- _PROBLEM TO SOLVE_
Reproduce the listing verbatim.

--------------------

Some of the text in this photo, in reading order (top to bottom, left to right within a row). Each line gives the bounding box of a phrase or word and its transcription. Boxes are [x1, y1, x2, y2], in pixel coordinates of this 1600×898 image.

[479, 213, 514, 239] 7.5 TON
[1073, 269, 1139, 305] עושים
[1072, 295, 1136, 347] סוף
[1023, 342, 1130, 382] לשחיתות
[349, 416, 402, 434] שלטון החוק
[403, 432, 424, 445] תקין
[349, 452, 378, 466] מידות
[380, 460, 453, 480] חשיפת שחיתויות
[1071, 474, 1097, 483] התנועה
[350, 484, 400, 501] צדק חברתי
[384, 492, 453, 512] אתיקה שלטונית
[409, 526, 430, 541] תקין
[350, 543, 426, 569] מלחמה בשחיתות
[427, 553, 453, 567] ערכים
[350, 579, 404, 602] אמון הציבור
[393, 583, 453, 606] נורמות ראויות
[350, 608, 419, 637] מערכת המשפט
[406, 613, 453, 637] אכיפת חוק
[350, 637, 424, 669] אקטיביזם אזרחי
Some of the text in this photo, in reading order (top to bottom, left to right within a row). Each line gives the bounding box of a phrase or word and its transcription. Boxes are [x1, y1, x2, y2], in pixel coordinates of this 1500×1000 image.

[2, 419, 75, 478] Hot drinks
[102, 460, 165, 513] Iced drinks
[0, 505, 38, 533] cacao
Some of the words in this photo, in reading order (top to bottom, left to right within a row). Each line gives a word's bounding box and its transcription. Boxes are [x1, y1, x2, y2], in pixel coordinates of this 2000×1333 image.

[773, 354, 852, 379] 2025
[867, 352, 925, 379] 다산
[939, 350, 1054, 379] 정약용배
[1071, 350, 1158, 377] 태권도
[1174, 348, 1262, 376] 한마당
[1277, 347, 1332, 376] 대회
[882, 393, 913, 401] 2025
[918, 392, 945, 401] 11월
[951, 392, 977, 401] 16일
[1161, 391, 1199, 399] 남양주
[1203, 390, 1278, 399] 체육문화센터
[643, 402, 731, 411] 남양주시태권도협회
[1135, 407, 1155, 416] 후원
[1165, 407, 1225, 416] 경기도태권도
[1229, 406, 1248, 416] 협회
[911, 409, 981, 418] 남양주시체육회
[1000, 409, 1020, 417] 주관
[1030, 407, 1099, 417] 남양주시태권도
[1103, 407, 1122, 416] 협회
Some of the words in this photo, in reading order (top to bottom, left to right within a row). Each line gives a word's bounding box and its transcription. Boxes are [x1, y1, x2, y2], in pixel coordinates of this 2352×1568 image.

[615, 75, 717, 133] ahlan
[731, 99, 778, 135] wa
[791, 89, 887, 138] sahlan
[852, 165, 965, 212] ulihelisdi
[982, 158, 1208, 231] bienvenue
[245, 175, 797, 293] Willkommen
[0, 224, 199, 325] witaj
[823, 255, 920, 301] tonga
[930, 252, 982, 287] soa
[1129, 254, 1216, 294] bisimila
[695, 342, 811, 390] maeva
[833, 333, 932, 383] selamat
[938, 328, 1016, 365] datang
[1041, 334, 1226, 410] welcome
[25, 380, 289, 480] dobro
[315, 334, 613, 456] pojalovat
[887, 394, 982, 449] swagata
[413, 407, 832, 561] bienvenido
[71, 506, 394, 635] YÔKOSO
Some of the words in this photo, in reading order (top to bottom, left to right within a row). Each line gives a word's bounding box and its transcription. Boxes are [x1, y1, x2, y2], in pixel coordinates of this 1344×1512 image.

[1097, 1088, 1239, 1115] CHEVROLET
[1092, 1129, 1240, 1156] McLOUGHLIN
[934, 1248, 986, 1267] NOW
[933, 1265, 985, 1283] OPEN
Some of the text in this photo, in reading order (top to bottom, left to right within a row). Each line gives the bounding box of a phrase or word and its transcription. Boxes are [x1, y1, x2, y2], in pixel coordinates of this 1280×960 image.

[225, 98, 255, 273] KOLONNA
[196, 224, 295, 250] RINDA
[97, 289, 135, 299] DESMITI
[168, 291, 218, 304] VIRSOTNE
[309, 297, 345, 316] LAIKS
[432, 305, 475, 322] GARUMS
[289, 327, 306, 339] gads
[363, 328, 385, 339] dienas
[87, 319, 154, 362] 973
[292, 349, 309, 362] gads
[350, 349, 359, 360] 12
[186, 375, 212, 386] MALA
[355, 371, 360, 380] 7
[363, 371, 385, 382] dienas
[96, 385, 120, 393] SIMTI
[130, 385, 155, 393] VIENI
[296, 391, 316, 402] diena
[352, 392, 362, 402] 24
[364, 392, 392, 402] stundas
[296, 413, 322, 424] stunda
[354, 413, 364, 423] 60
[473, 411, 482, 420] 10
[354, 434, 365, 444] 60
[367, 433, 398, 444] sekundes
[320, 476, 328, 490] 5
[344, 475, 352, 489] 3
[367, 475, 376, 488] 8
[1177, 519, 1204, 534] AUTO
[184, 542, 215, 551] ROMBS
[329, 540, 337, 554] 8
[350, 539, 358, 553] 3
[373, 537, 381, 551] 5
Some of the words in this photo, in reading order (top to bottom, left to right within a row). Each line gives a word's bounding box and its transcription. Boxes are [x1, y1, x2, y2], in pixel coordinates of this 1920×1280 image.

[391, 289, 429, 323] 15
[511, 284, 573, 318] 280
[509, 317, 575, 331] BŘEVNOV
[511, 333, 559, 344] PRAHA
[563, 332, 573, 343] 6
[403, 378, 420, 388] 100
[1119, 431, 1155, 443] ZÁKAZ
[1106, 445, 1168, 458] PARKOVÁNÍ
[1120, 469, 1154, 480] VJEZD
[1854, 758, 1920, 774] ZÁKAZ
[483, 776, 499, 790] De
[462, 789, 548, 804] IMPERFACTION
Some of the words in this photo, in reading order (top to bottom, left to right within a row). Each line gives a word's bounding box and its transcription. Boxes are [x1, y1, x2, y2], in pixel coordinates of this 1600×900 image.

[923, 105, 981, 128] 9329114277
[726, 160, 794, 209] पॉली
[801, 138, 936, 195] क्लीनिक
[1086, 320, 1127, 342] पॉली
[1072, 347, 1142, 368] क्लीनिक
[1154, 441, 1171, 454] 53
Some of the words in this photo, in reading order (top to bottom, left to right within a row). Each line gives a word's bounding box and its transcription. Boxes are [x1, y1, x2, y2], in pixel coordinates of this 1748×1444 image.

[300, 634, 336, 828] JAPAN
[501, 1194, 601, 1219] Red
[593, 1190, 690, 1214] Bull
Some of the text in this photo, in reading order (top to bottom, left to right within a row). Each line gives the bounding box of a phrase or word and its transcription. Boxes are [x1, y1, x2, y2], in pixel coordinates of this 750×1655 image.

--------------------

- _THE COMPLETED TASK_
Some of the text in this photo, in reading order (top to bottom, left to right within a row). Each line gives the bounding box of a phrase or word and its transcription. Boxes are [x1, y1, x2, y2], in pixel coordinates of this 1600×898 image.

[479, 213, 514, 239] 7.5 TON
[1073, 269, 1139, 305] עושים
[1072, 295, 1136, 347] סוף
[1023, 342, 1130, 382] לשחיתות
[349, 416, 402, 434] שלטון החוק
[403, 432, 424, 445] תקין
[349, 452, 378, 466] מידות
[380, 460, 453, 480] חשיפת שחיתויות
[1071, 474, 1097, 483] התנועה
[350, 484, 400, 501] צדק חברתי
[384, 492, 453, 512] אתיקה שלטונית
[409, 526, 430, 541] תקין
[350, 543, 426, 569] מלחמה בשחיתות
[427, 553, 453, 567] ערכים
[350, 579, 404, 602] אמון הציבור
[393, 583, 453, 606] נורמות ראויות
[350, 608, 419, 637] מערכת המשפט
[406, 613, 453, 637] אכיפת חוק
[350, 637, 424, 669] אקטיביזם אזרחי
Some of the text in this photo, in reading order (top to bottom, left to right within a row). Each line gives the bounding box of a phrase or word and its transcription. Boxes are [x1, y1, x2, y2], in pixel coordinates of this 1500×1000 image.

[2, 419, 75, 478] Hot drinks
[102, 460, 165, 513] Iced drinks
[0, 505, 38, 533] cacao
Some of the words in this photo, in reading order (top to bottom, left to right within a row). Each line gives a word's bounding box and its transcription. Boxes are [x1, y1, x2, y2], in pixel coordinates of this 2000×1333 image.

[773, 354, 852, 379] 2025
[867, 352, 925, 379] 다산
[939, 350, 1054, 379] 정약용배
[1071, 350, 1158, 377] 태권도
[1174, 348, 1262, 376] 한마당
[1277, 347, 1332, 376] 대회
[882, 393, 913, 401] 2025
[918, 392, 945, 401] 11월
[951, 392, 977, 401] 16일
[1161, 391, 1199, 399] 남양주
[1203, 390, 1278, 399] 체육문화센터
[643, 402, 731, 411] 남양주시태권도협회
[1135, 407, 1155, 416] 후원
[1165, 407, 1225, 416] 경기도태권도
[1229, 406, 1248, 416] 협회
[911, 409, 981, 418] 남양주시체육회
[1000, 409, 1020, 417] 주관
[1030, 407, 1099, 417] 남양주시태권도
[1103, 407, 1122, 416] 협회
Some of the words in this photo, in reading order (top to bottom, left to right within a row). Each line gives a word's bounding box and its transcription. Boxes are [x1, y1, x2, y2], in pixel coordinates of this 2352×1568 image.

[615, 75, 717, 133] ahlan
[731, 99, 778, 135] wa
[791, 89, 887, 138] sahlan
[852, 165, 965, 212] ulihelisdi
[982, 158, 1208, 231] bienvenue
[245, 175, 797, 293] Willkommen
[0, 224, 199, 325] witaj
[823, 255, 920, 301] tonga
[930, 252, 982, 287] soa
[1129, 254, 1216, 294] bisimila
[695, 342, 811, 390] maeva
[833, 333, 932, 383] selamat
[938, 328, 1016, 365] datang
[1041, 334, 1226, 410] welcome
[25, 380, 289, 480] dobro
[315, 334, 613, 456] pojalovat
[887, 394, 982, 449] swagata
[413, 407, 832, 561] bienvenido
[71, 506, 394, 635] YÔKOSO
Some of the words in this photo, in reading order (top to bottom, left to right within a row). Each line gives a word's bounding box and its transcription. Boxes are [x1, y1, x2, y2], in pixel coordinates of this 1344×1512 image.

[1097, 1088, 1239, 1115] CHEVROLET
[1092, 1129, 1240, 1156] McLOUGHLIN
[934, 1248, 986, 1267] NOW
[933, 1265, 985, 1283] OPEN
Some of the text in this photo, in reading order (top to bottom, left to right within a row). Each line gives the bounding box of a phrase or word and its transcription. Boxes are [x1, y1, x2, y2], in pixel coordinates of this 1280×960 image.

[225, 98, 255, 273] KOLONNA
[196, 224, 295, 250] RINDA
[97, 289, 135, 299] DESMITI
[168, 291, 218, 304] VIRSOTNE
[309, 297, 345, 316] LAIKS
[432, 305, 475, 322] GARUMS
[289, 327, 306, 339] gads
[363, 328, 385, 339] dienas
[87, 319, 154, 362] 973
[292, 349, 309, 362] gads
[350, 349, 359, 360] 12
[186, 375, 212, 386] MALA
[355, 371, 360, 380] 7
[363, 371, 385, 382] dienas
[96, 385, 120, 393] SIMTI
[130, 385, 155, 393] VIENI
[296, 391, 316, 402] diena
[352, 392, 362, 402] 24
[364, 392, 392, 402] stundas
[296, 413, 322, 424] stunda
[354, 413, 364, 423] 60
[473, 411, 482, 420] 10
[354, 434, 365, 444] 60
[367, 433, 398, 444] sekundes
[320, 476, 328, 490] 5
[344, 475, 352, 489] 3
[367, 475, 376, 488] 8
[1177, 519, 1204, 534] AUTO
[184, 542, 215, 551] ROMBS
[329, 540, 337, 554] 8
[350, 539, 358, 553] 3
[373, 537, 381, 551] 5
Some of the words in this photo, in reading order (top to bottom, left to right within a row). Each line gives a word's bounding box and its transcription. Boxes are [x1, y1, x2, y2], in pixel coordinates of this 1920×1280 image.

[391, 289, 429, 323] 15
[511, 284, 573, 318] 280
[509, 317, 575, 331] BŘEVNOV
[511, 333, 559, 344] PRAHA
[563, 332, 573, 343] 6
[403, 378, 420, 388] 100
[1119, 431, 1155, 443] ZÁKAZ
[1106, 445, 1168, 458] PARKOVÁNÍ
[1120, 469, 1154, 480] VJEZD
[1854, 758, 1920, 774] ZÁKAZ
[483, 776, 499, 790] De
[462, 789, 548, 804] IMPERFACTION
Some of the words in this photo, in reading order (top to bottom, left to right within a row). Each line gives a word's bounding box and its transcription. Boxes are [x1, y1, x2, y2], in pixel coordinates of this 1600×900 image.

[923, 105, 981, 128] 9329114277
[726, 160, 794, 209] पॉली
[801, 138, 936, 195] क्लीनिक
[1086, 320, 1127, 342] पॉली
[1072, 347, 1142, 368] क्लीनिक
[1154, 441, 1171, 454] 53
Some of the words in this photo, in reading order (top to bottom, left to right within a row). Each line gives a word's bounding box and its transcription. Boxes are [x1, y1, x2, y2], in pixel coordinates of this 1748×1444 image.

[300, 634, 336, 828] JAPAN
[501, 1194, 601, 1219] Red
[593, 1190, 690, 1214] Bull
Some of the text in this photo, in reading order (top to bottom, left to right within a row). Each line gives the bounding box of a phrase or word and its transcription. Boxes are [x1, y1, x2, y2], in pixel coordinates of this 750×1655 image.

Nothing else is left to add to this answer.